Three months ago 19-year-old David Smartt was electrocuted while working at a sawmill in Rosignol. Today, the sawmill is closed, the owner is no longer in the country and Smartt’s mother feels cheated of justice.

“Justice suppose to be done,” were the repeated words of Pamela Smartt, when she spoke to this newspaper yesterday evening via telephone. On August 23, around 2 pm, Smartt, of Welcome Street, Rosignol, West Bank Berbice, died while he was working at Ousman and Son’s Sawmill.

An autopsy had confirmed that he died of cardiac arrest as a result of electrocution. Following the incident, an investigation was launched by the Ministry of Labour since the sawmill failed to report the young man’s death. The police had also launched an investigation.

According to Pamela, she had met the owner of the sawmill to discuss compensation on several occasions but at the last meeting, “They said they can’t come to a conclusion because they bankrupt and they don’t have grants to get wood. He said that he brother gah get a say and he deh in the states so he can’t do nothing.”

And when she visited the labour office in New Amsterdam to get the help of the ministry in acquiring compensation, “They saying they want to know when he [her son] draw he first salary and he last salary. Me ain’t know them thing me can’t remember.”

But now Pamela is left feeling cheated as the sawmill where her son worked since he was 12 years old is now closed and the owner is no longer in Guyana. “The sawmill close for a while. They say that the sawmill owner wife tek in and he gone and tek her outside to the states,” Pamela said.
The sawmill she said was operational for a while after the owner left. It was managed by a relative but a short time later, it came to a close. She could not remember exactly when the sawmill stopped operating.

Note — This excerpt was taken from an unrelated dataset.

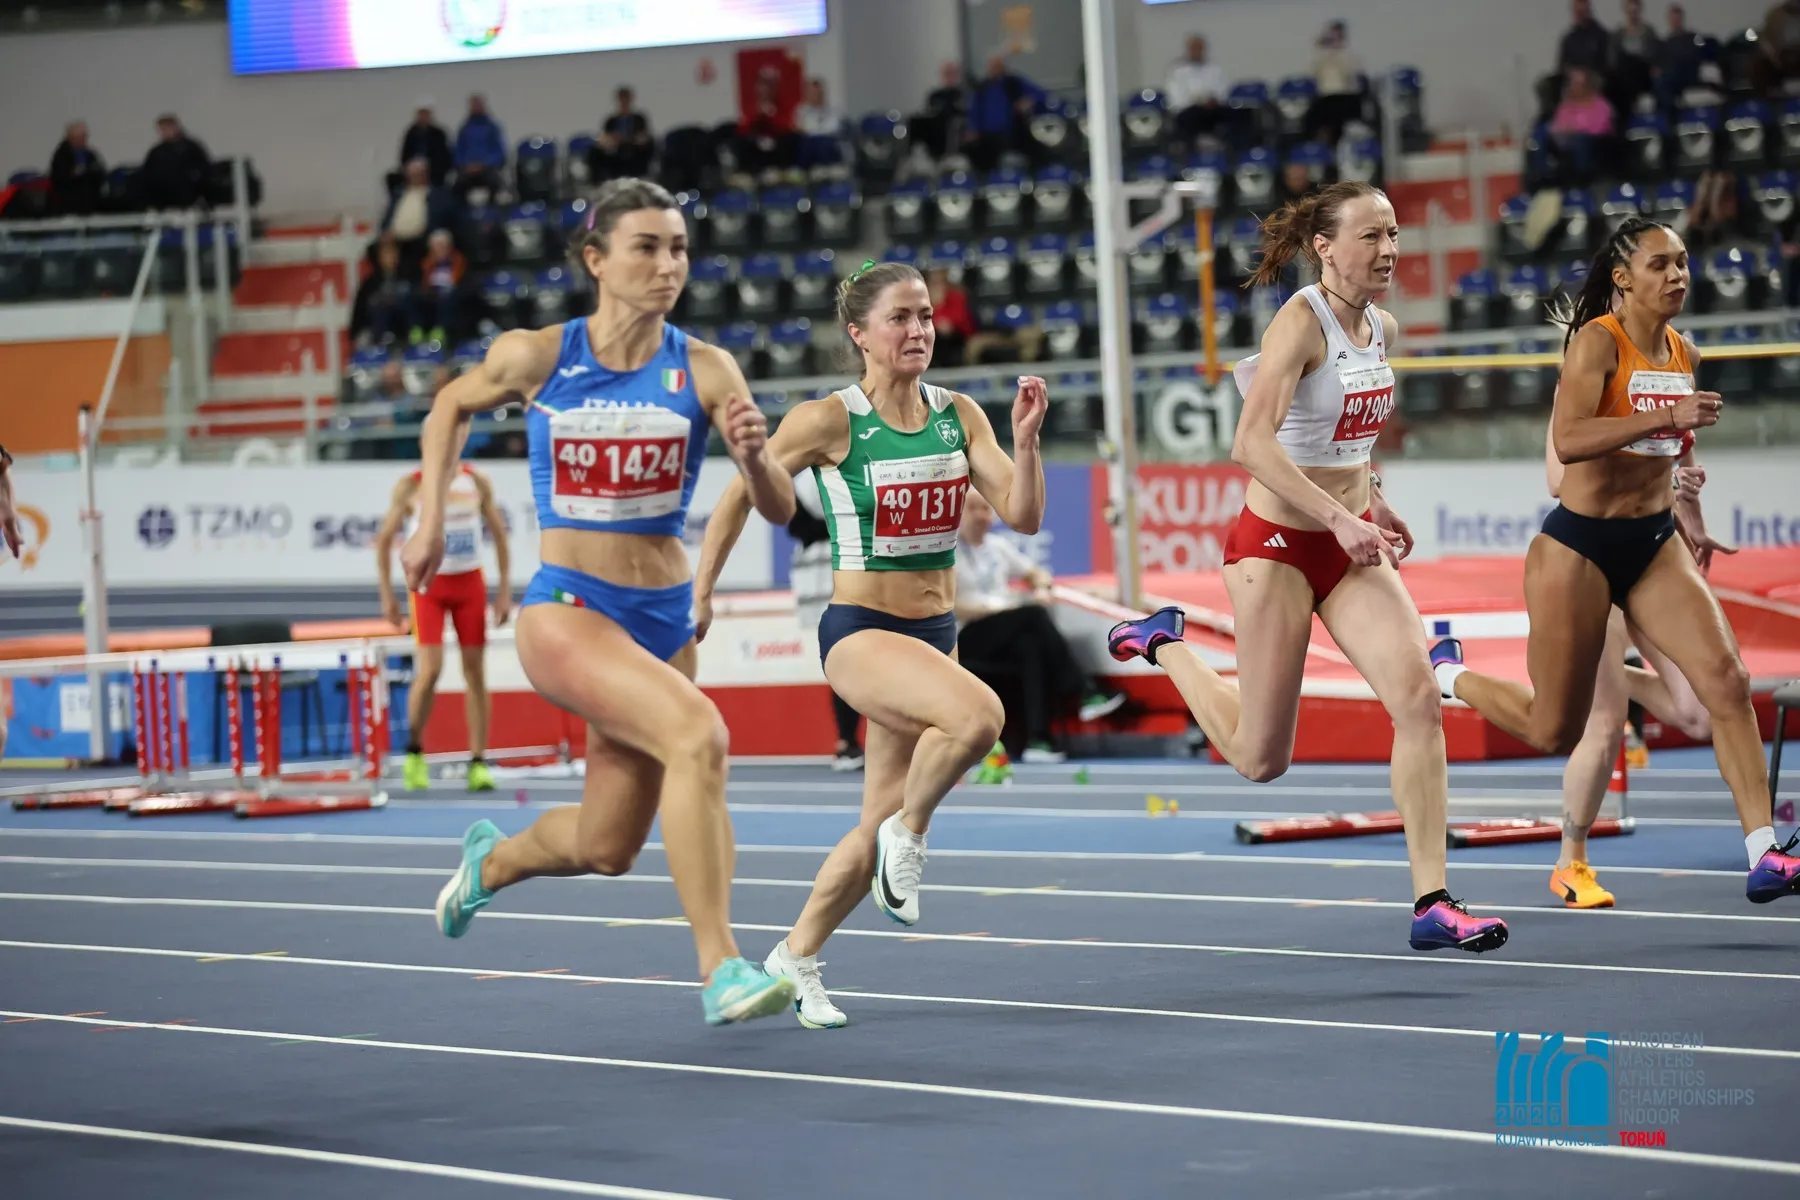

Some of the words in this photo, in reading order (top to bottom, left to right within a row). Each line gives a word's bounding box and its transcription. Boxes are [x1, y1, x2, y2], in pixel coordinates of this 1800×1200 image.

Smartt was the sole breadwinner of his family and now Pamela said she is “trying by the grace of God”. “I does catch lil work on and off,” she added.

“It’s not a easy thing to lose a child. It’s not an easy thing at all,” the woman stated. “Justice suppose to be done. He leave to go to work. That is not fair.” Pamela bemoaned the fact that nothing had been done since her son’s death.

The last word on the Ministry of Labour’s investigation was that a private electrician was supposed to inspect the sawmill and submit his findings. Charges were also recommended to be brought against the owner of the sawmill for not reporting the incident to the Occupational Safety and Health Department of the Ministry of Labour. Failure to report a death on the job carries a $25,000 fine.